Research into the health issues that affect women veterans increased in the past decade, but nearly 70 percent was focused on post-traumatic stress disorder and mental trauma related military sexual assaults, according to Elizabeth Yano, director of the Veteran Affairs Women’s Health Research Consortium.
“Women veterans are not just about their mental health,” Yano said during the Capitol Hill briefing.
Yano said that gender differences exist for a variety of health problems that affect veterans, including PTSD, heart problems and alcohol and substance abuse treatments, but treatments are generally the same and geared toward what works for men.

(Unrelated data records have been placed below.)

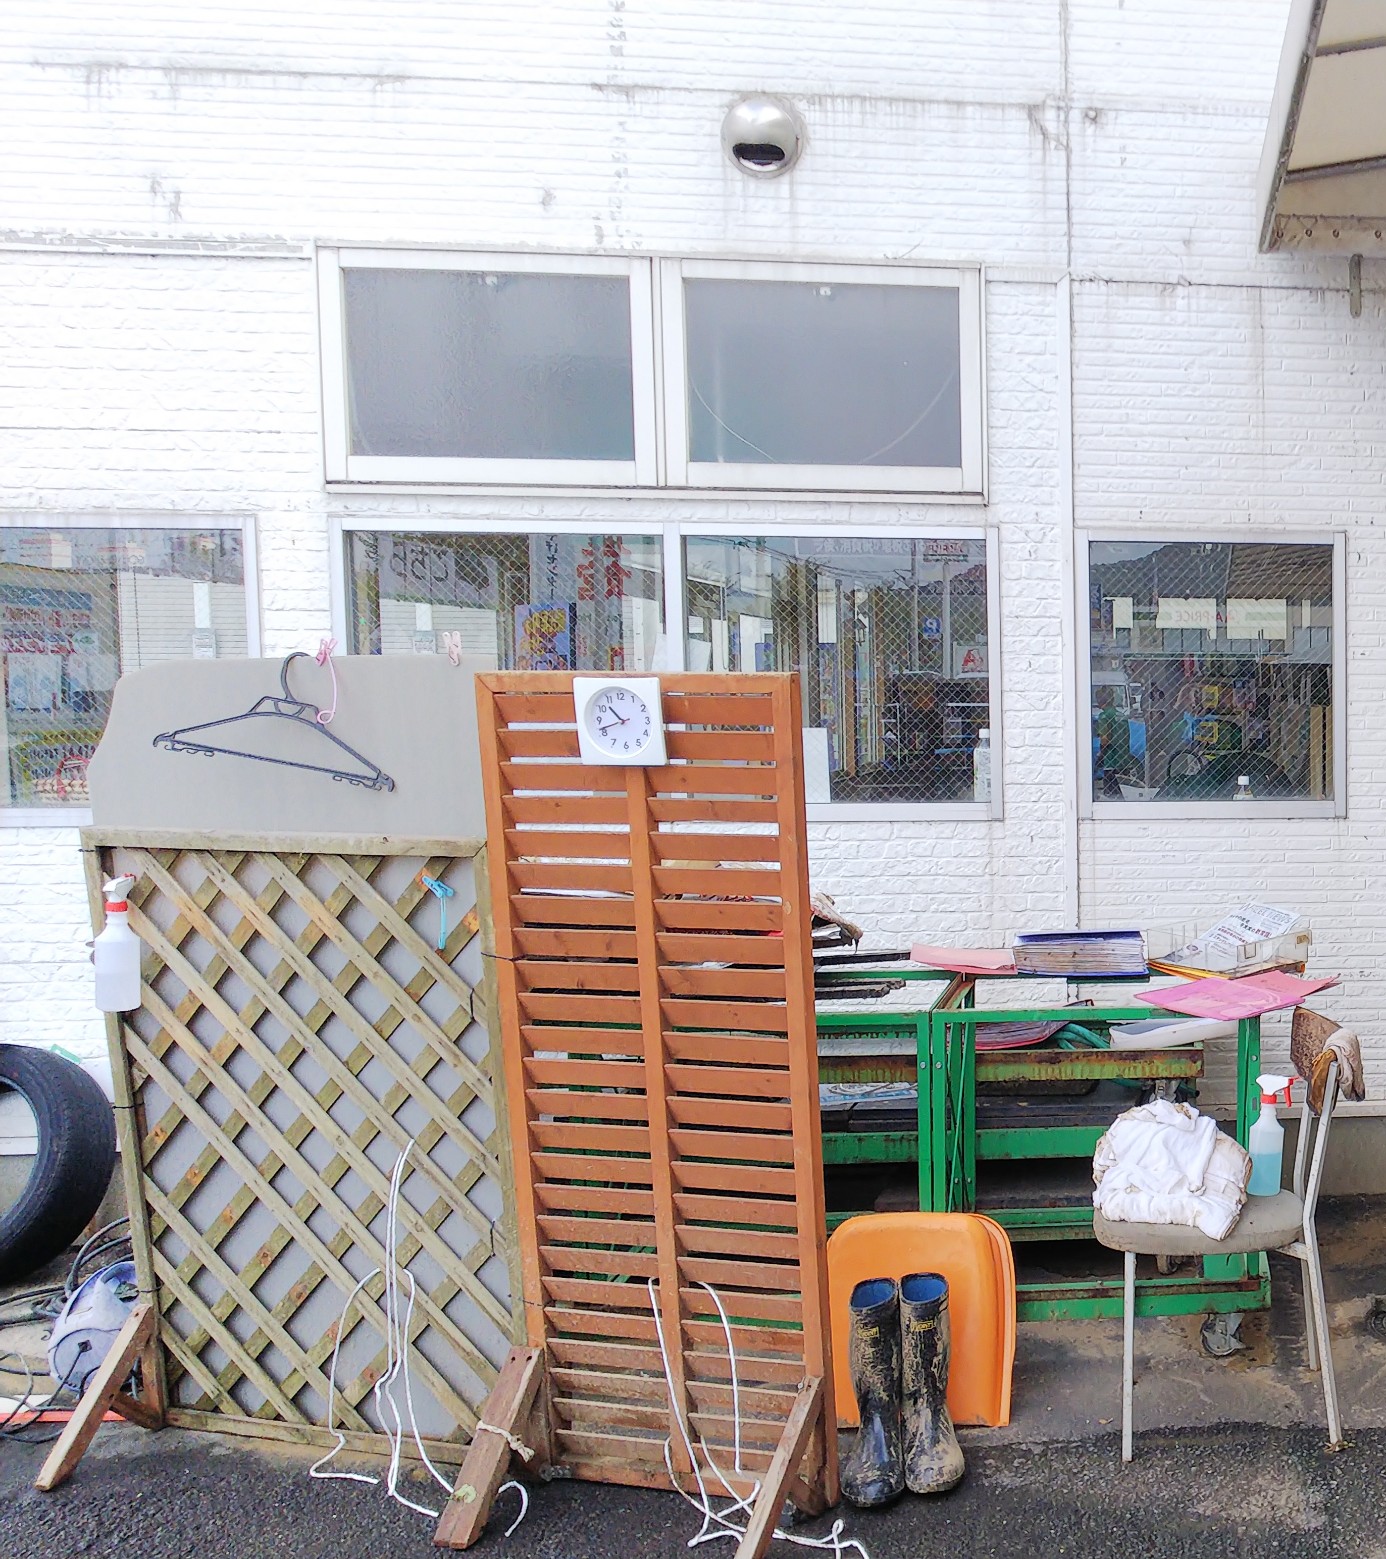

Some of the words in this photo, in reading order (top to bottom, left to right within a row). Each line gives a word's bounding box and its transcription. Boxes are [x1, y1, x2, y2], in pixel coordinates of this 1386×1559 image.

[605, 694, 613, 704] 11
[616, 692, 625, 700] 12
[631, 695, 635, 703] 1
[596, 705, 607, 713] 10
[640, 704, 646, 712] 2
[596, 716, 602, 725] 9
[645, 717, 650, 725] 3
[643, 729, 649, 737] 4
[624, 741, 629, 749] 6
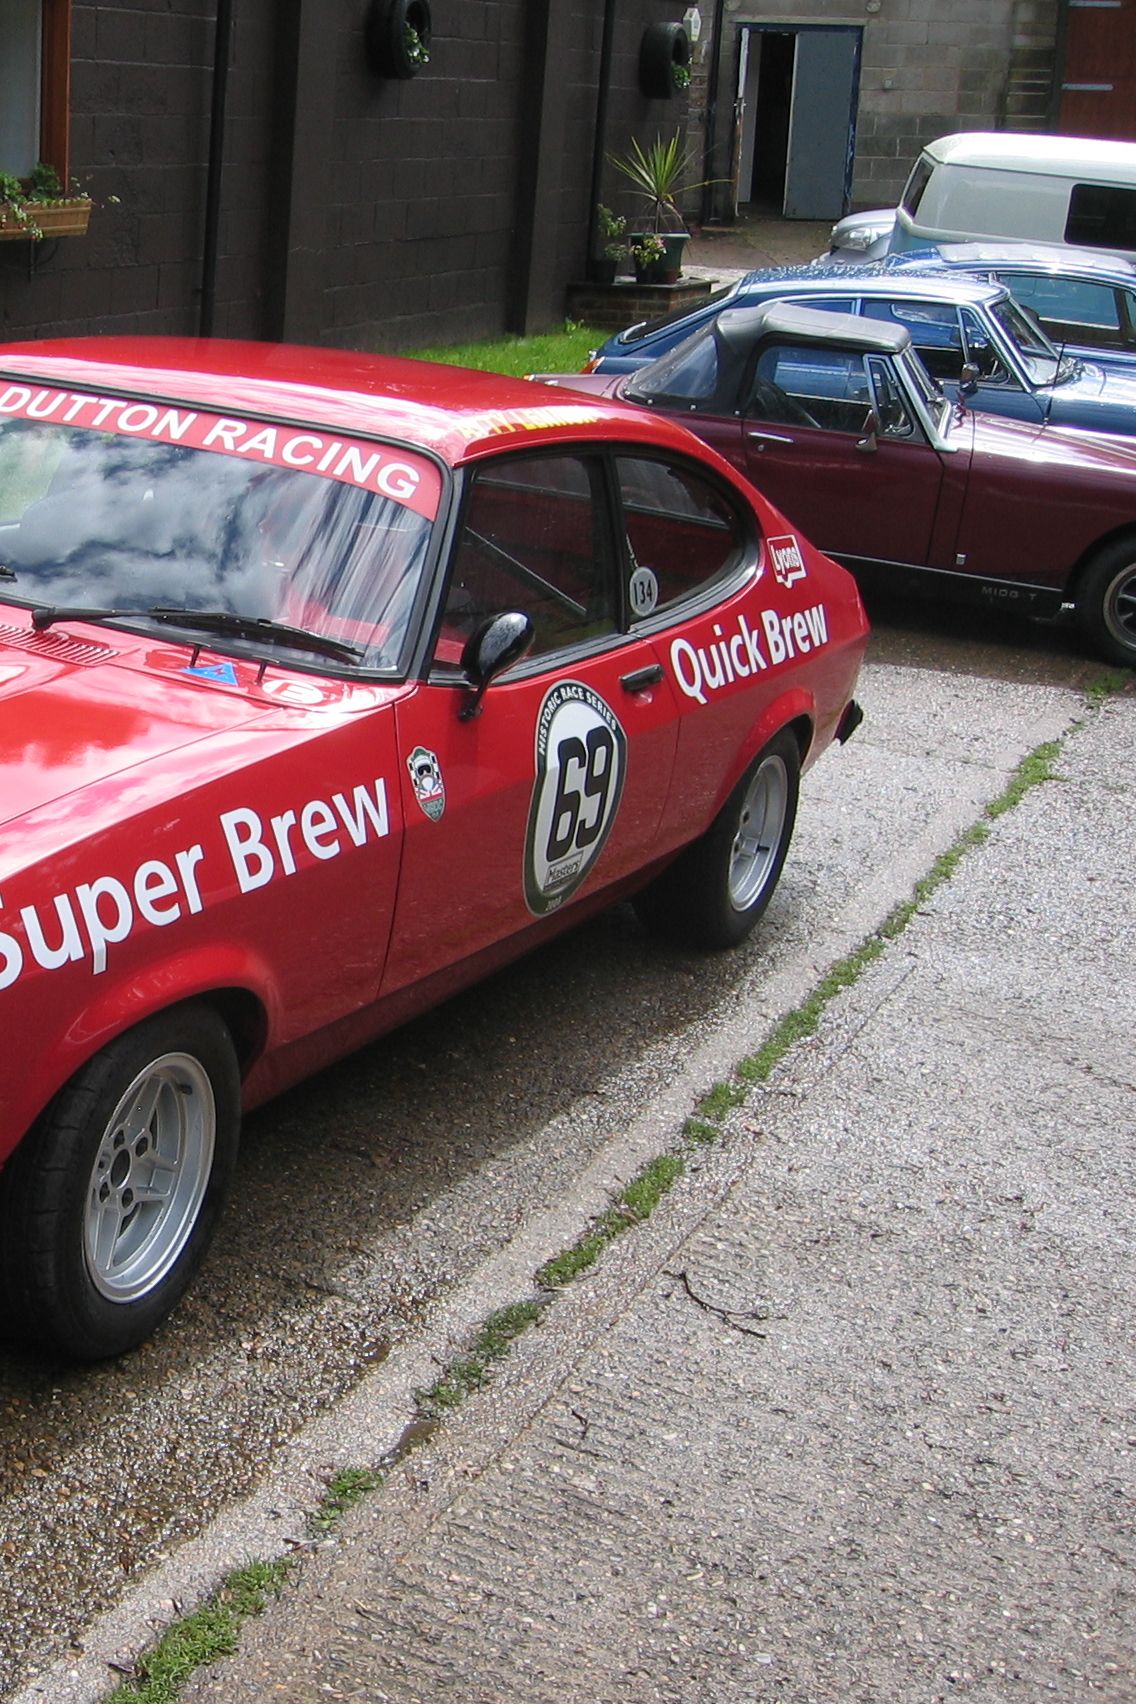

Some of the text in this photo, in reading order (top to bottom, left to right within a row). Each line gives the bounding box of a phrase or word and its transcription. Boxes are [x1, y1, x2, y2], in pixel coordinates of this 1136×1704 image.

[203, 417, 421, 500] RACING
[633, 581, 653, 605] 134
[770, 545, 800, 575] Lyons
[670, 604, 829, 705] Quick Brew
[538, 686, 618, 755] HISTORIC RACE SERIES
[546, 725, 614, 862] 69
[219, 777, 392, 894] Brew
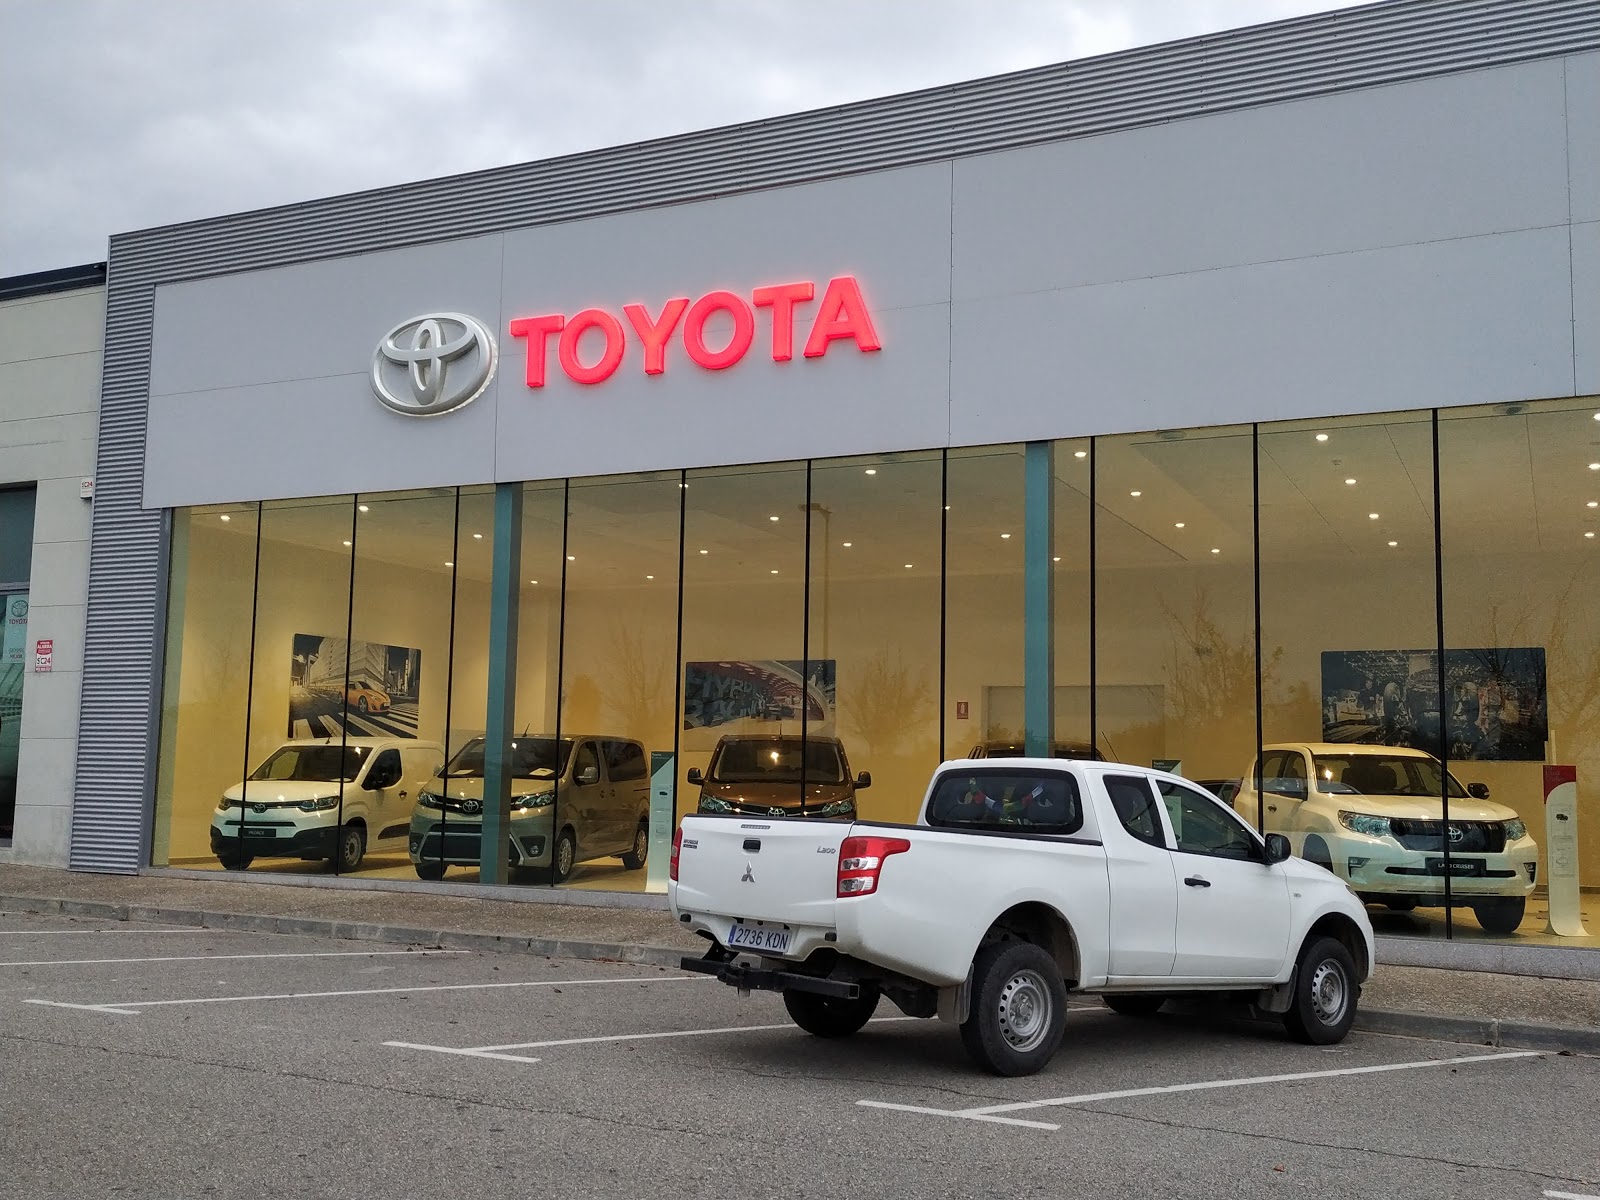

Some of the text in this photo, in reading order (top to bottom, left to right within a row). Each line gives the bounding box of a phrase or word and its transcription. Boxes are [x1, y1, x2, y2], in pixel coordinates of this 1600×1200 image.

[510, 275, 881, 388] TOYOTA
[734, 927, 789, 950] 2736 KDN
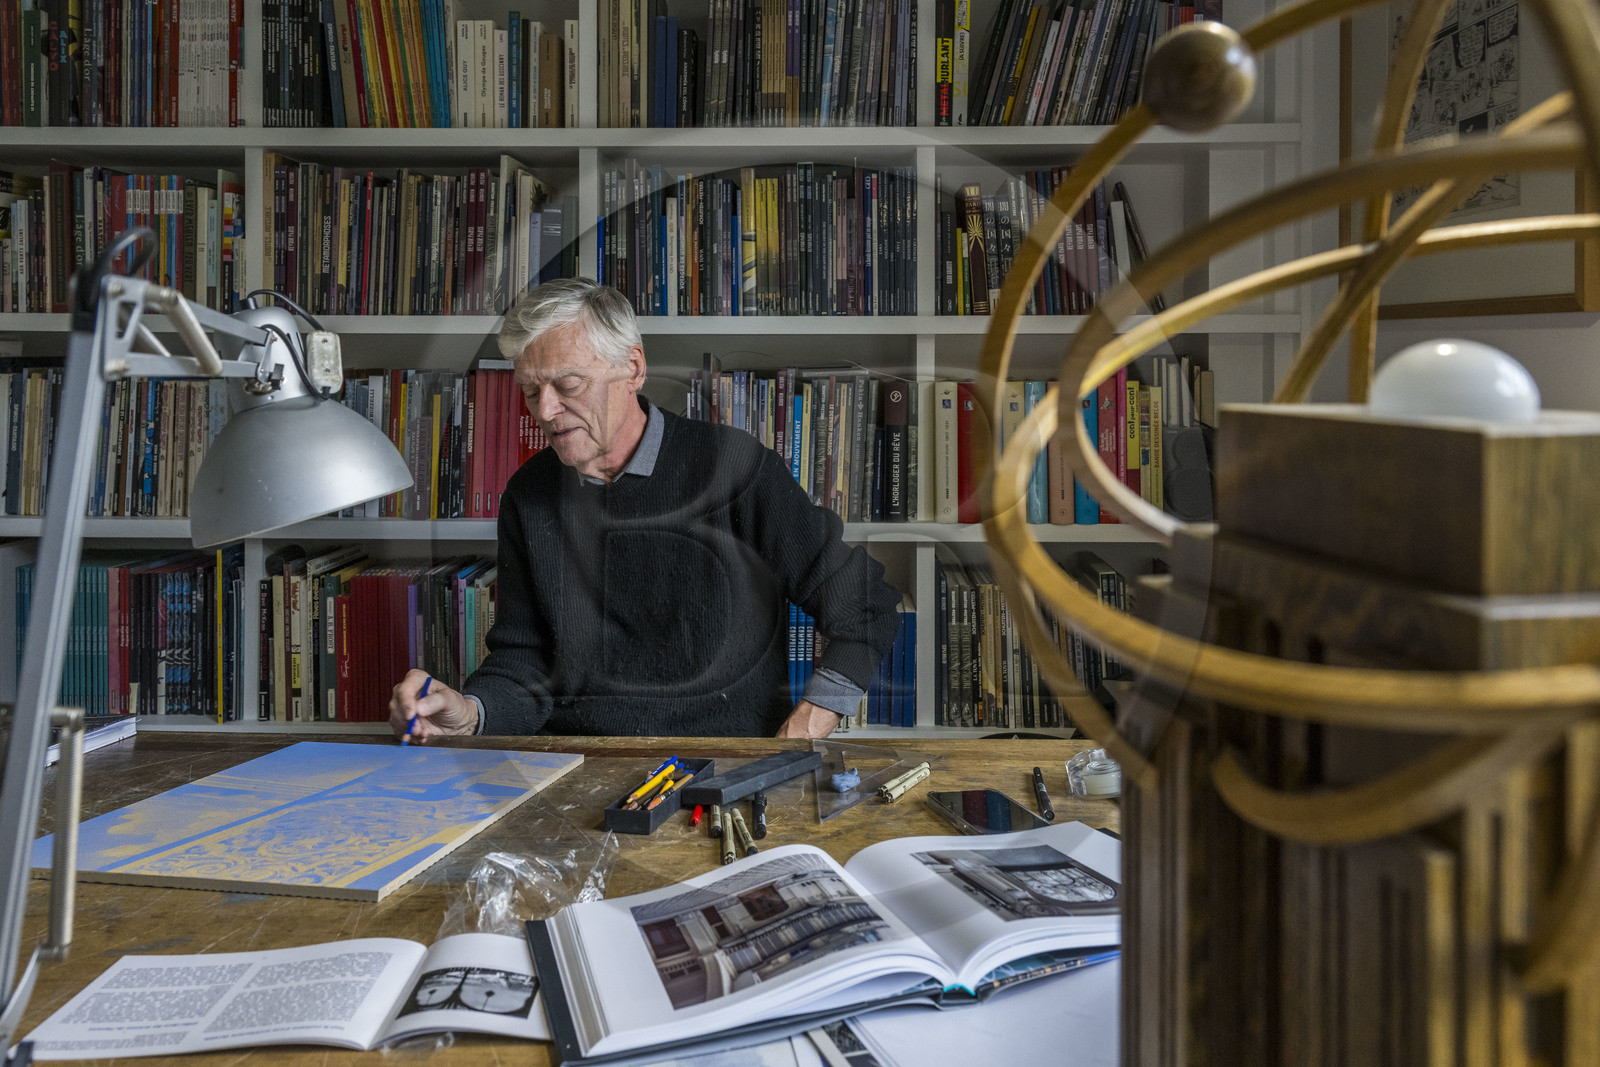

The VA Women’s Health Research Consortium is part of a research initiative launched in 2010 to address gender-based disparities in the care received by women veterans.
In addition to gender-specific treatments, the consortium’s research showed that VA primary care clinics often provided women with worse health care than clinics just for women, Yano said. However, it also showed that hiring a designated women’s health provider at a primary care clinic creates the same quality of care as at a women-only clinic, she said.
“This is not about women wanting to see women doctors,” Yano said. “This is about the proficiency of the care provided.”
The VA has requested $515 million in the 2017 budget for women-specific medical care.
Every veteran medical center and 90 percent of community outpatient clinics had designated women’s health providers by 2015, according to testimony given by VA consultant Dr. Patricia Hayes last year at a Senate veterans’ affairs committee hearing.
Women comprise an increasing segment of our veteran population, with recent VA statistics showing that women make up nearly 12 percent of veterans from the wars in Iraq and Afghanistan — with the VA estimating nearly 15 percent of veterans will be women by 2035. More than half of the women who served in Iraq and Afghanistan have used the VA health care system — roughly 300,000 women veterans were enrolled as of 2009.
VA Health Undersecretary Dr. David Shulkin said his agency’s research into women’s health issues has already begun to have an impact, citing the national roll-out of a PTSD treatment shown to be effective for women.
“The VA believes in putting (its research) all back into practice,” he said.